**Goal of the exercise:**
Print exactly the lines from the one containing "this 1904×1428 image." through the last line of the records below, both included, and nothing else; omit any pictures.
BEGIN Source data
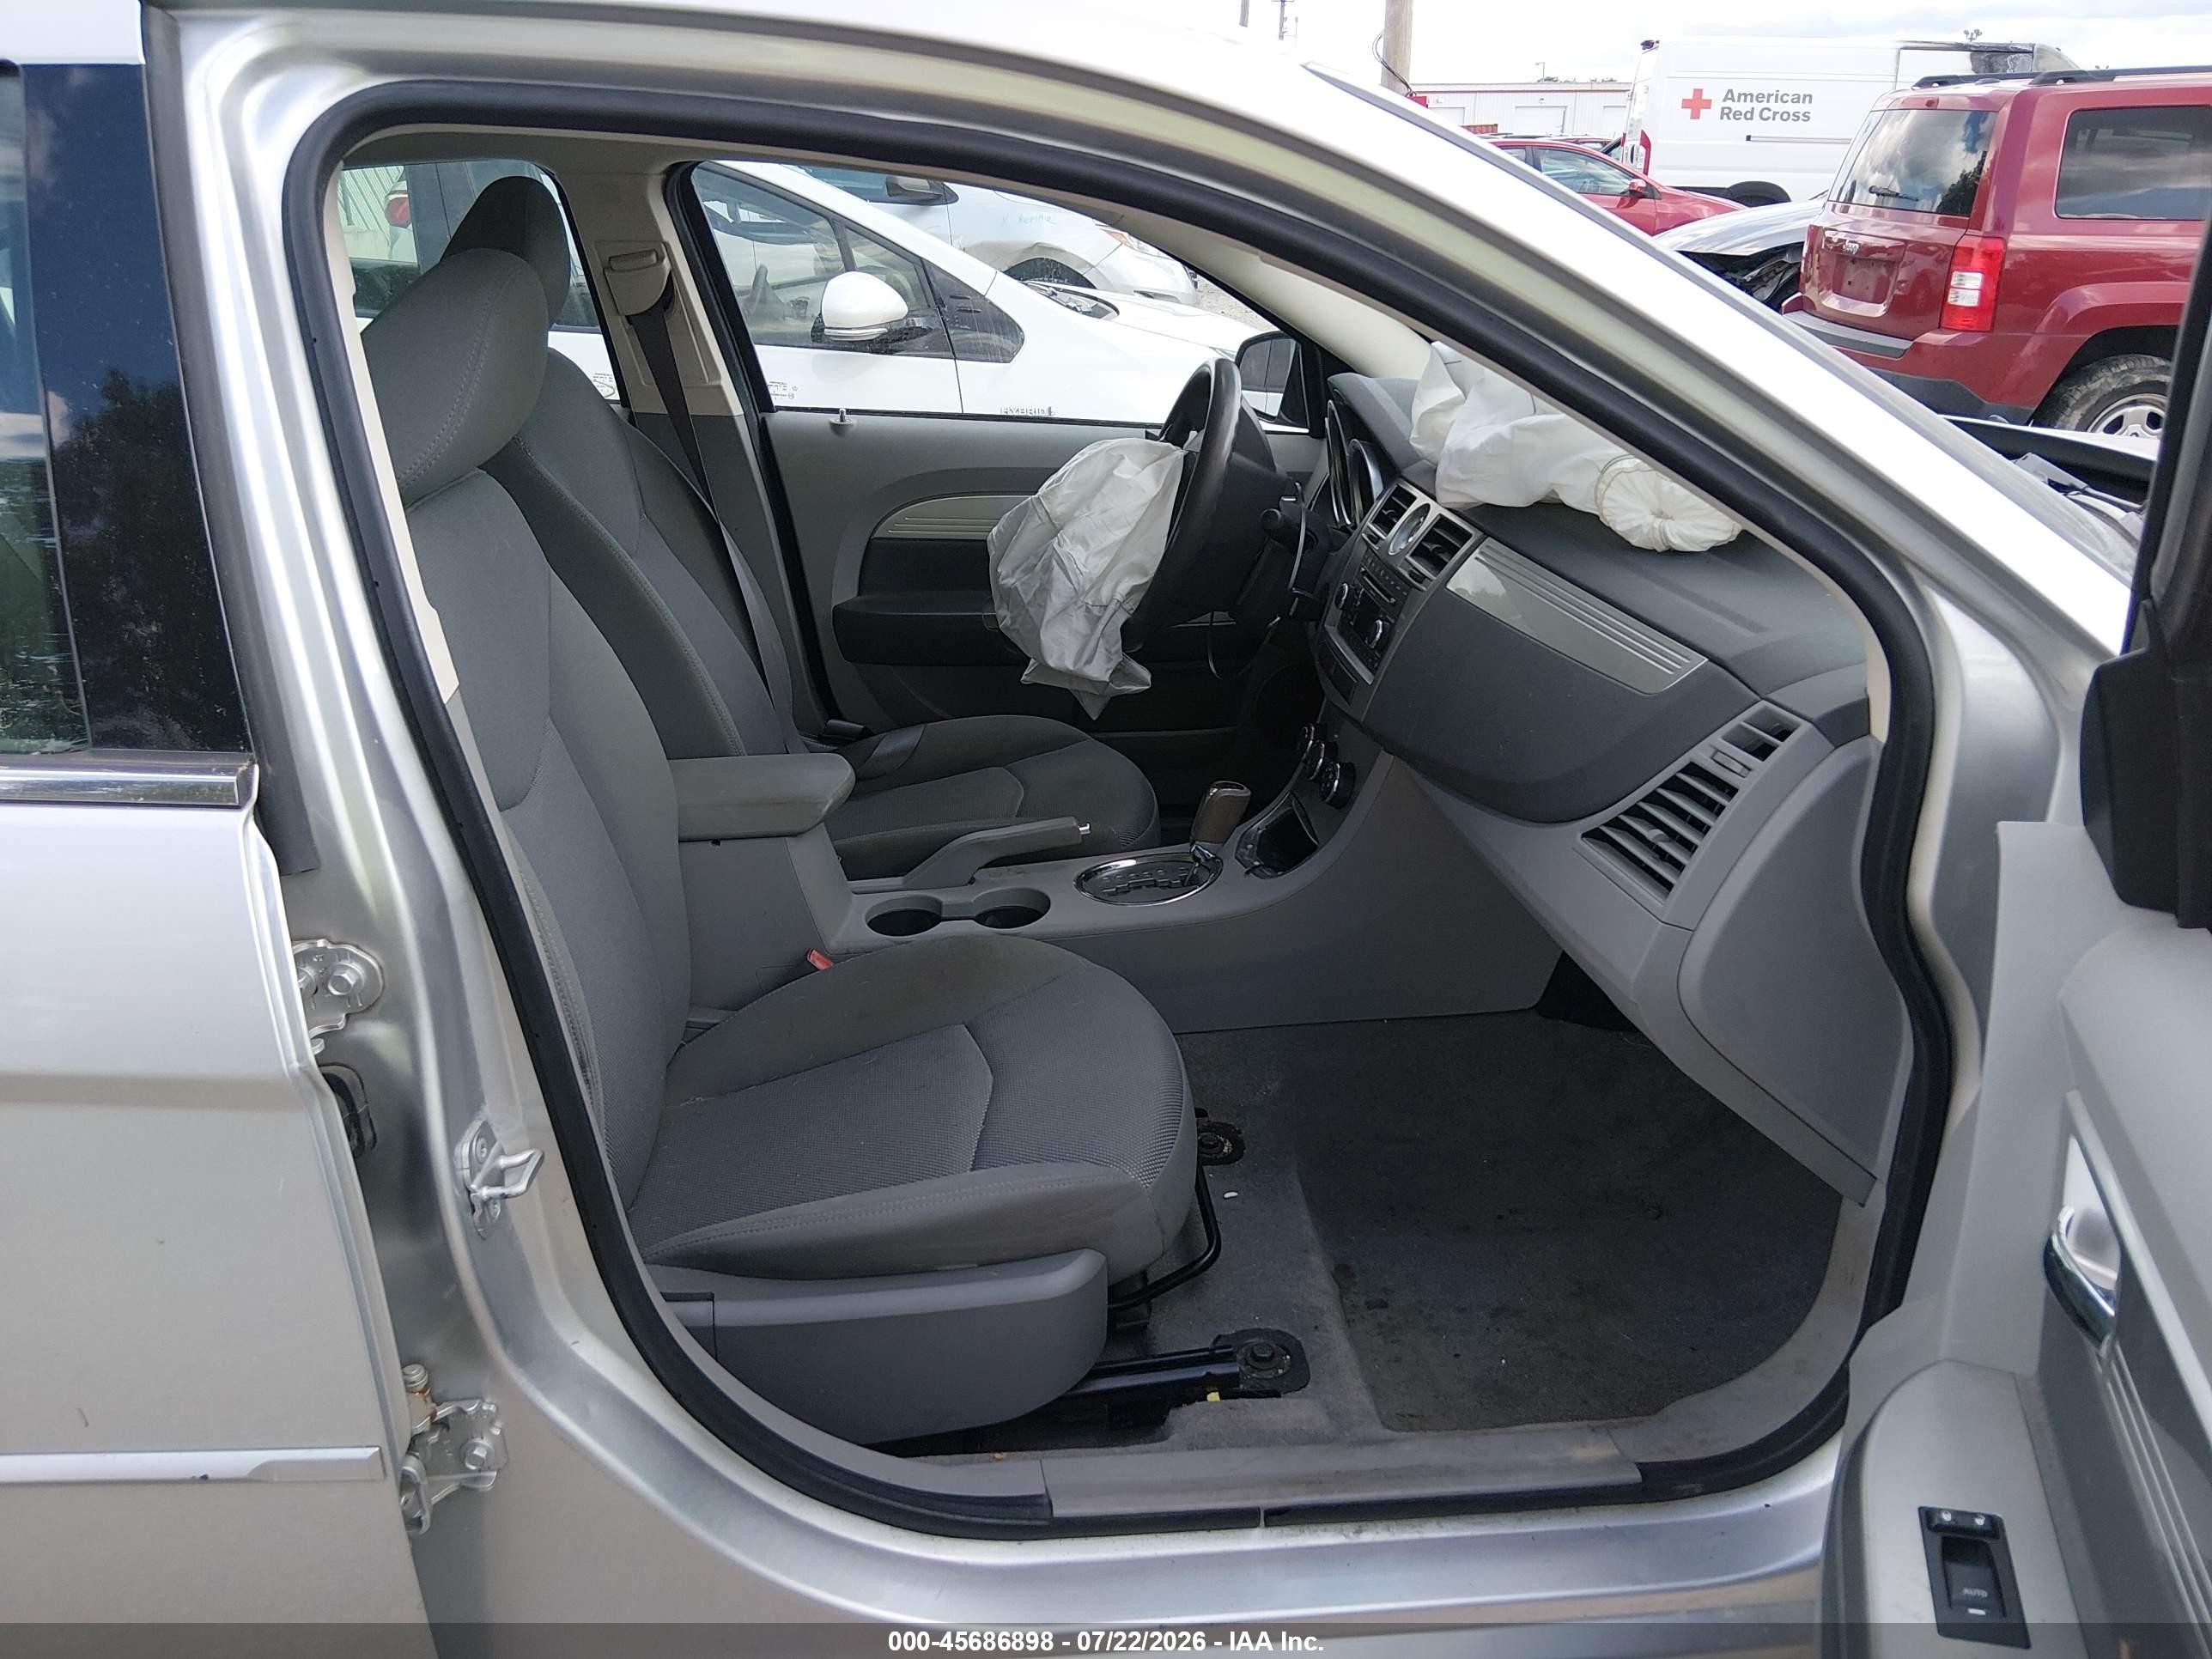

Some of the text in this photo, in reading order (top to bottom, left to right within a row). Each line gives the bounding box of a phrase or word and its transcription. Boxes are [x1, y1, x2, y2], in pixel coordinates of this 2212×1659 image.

[1722, 88, 1813, 104] American
[1719, 106, 1811, 122] Red Cross
[1963, 1588, 1988, 1598] AUTO
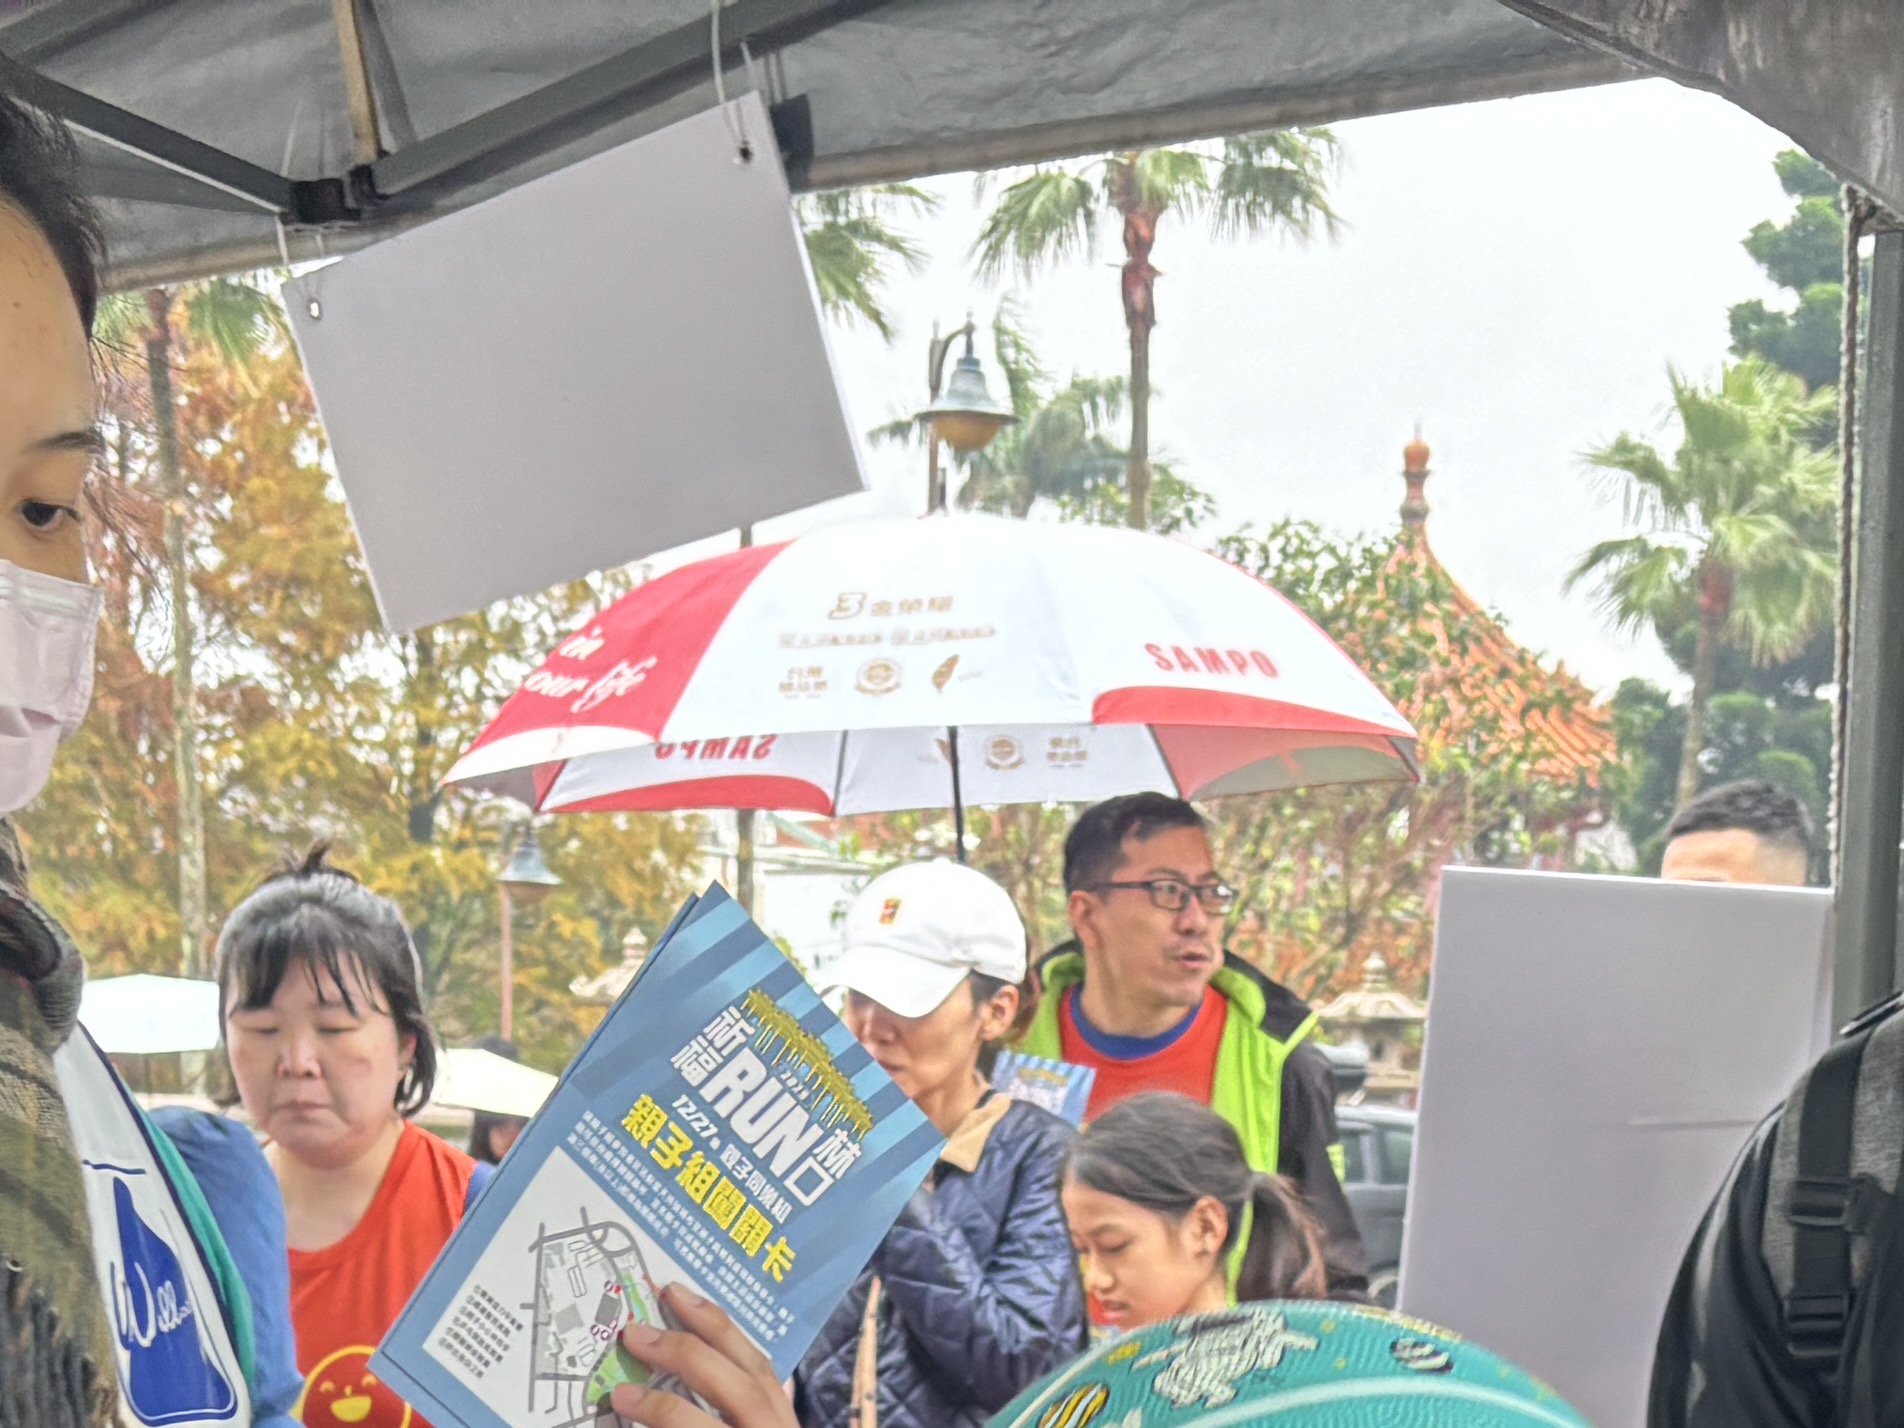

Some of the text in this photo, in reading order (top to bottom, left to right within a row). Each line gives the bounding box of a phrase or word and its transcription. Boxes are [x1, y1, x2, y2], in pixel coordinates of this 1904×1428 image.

[1144, 642, 1279, 679] SAMPO
[672, 1094, 718, 1138] 12/27
[699, 1047, 824, 1177] RUN
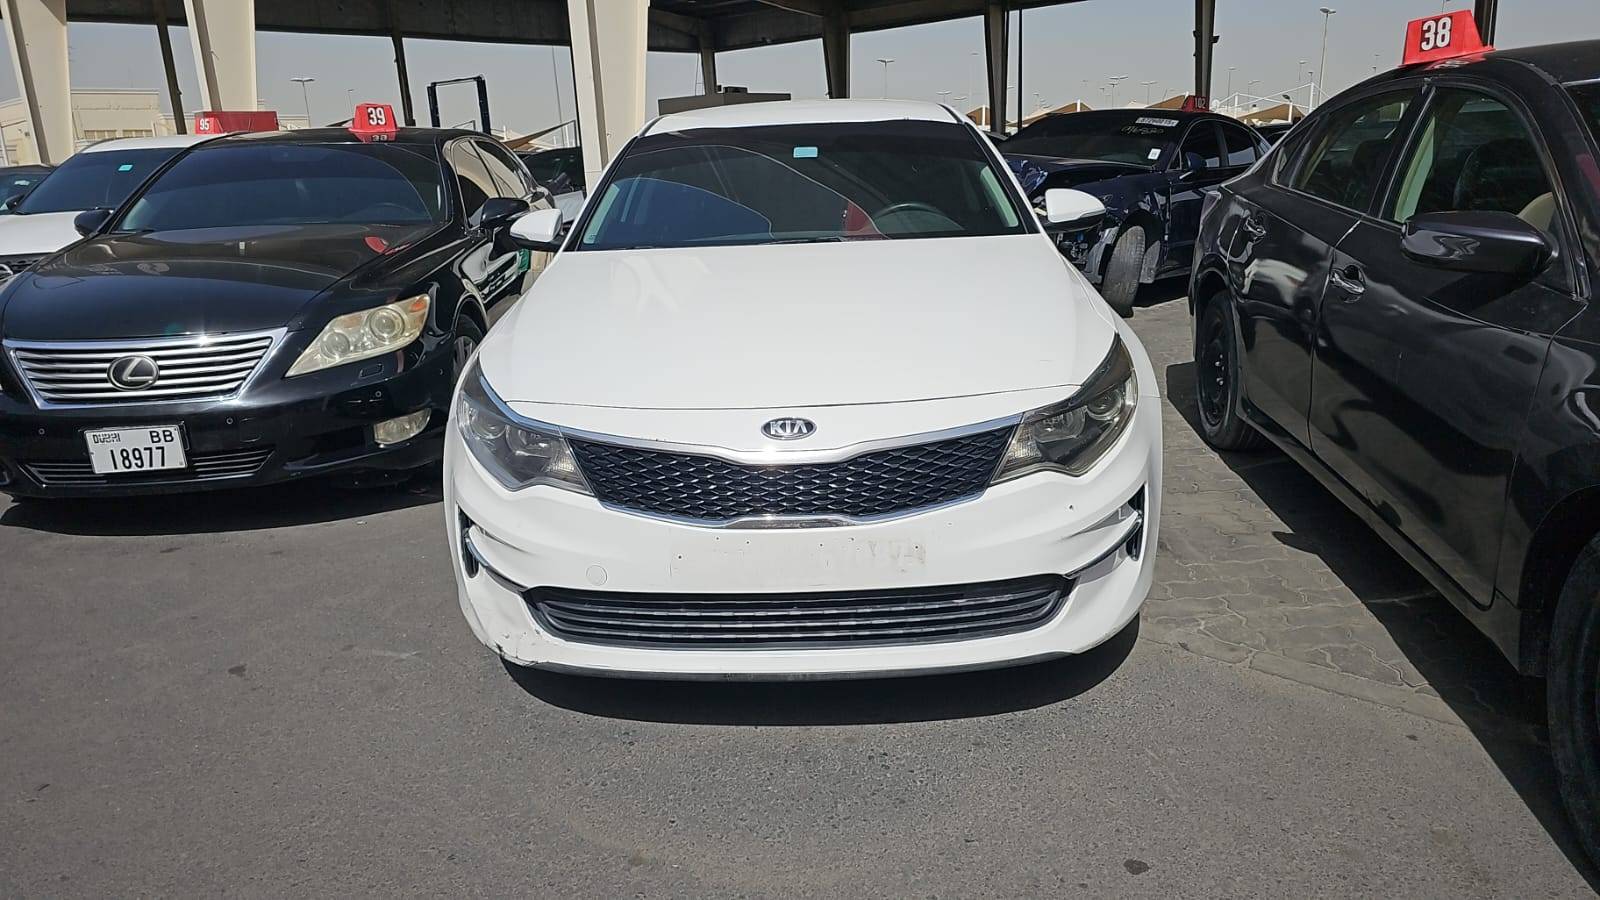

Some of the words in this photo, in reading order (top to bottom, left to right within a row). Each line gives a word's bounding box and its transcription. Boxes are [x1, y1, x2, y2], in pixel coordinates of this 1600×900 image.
END Source data
**Solution:**
Some of the text in this photo, in reading order (top to bottom, left to right within a row). Each line gives the bounding box of a phrase or word and its transcription. Boxes are [x1, y1, x2, y2], in pixel coordinates of this 1904×1428 image.

[1144, 642, 1279, 679] SAMPO
[672, 1094, 718, 1138] 12/27
[699, 1047, 824, 1177] RUN

Some of the words in this photo, in reading order (top to bottom, left to right within a row). Each line gives a word's bounding box and its transcription. Boxes are [x1, y1, x2, y2], in pixel coordinates of this 1600×900 image.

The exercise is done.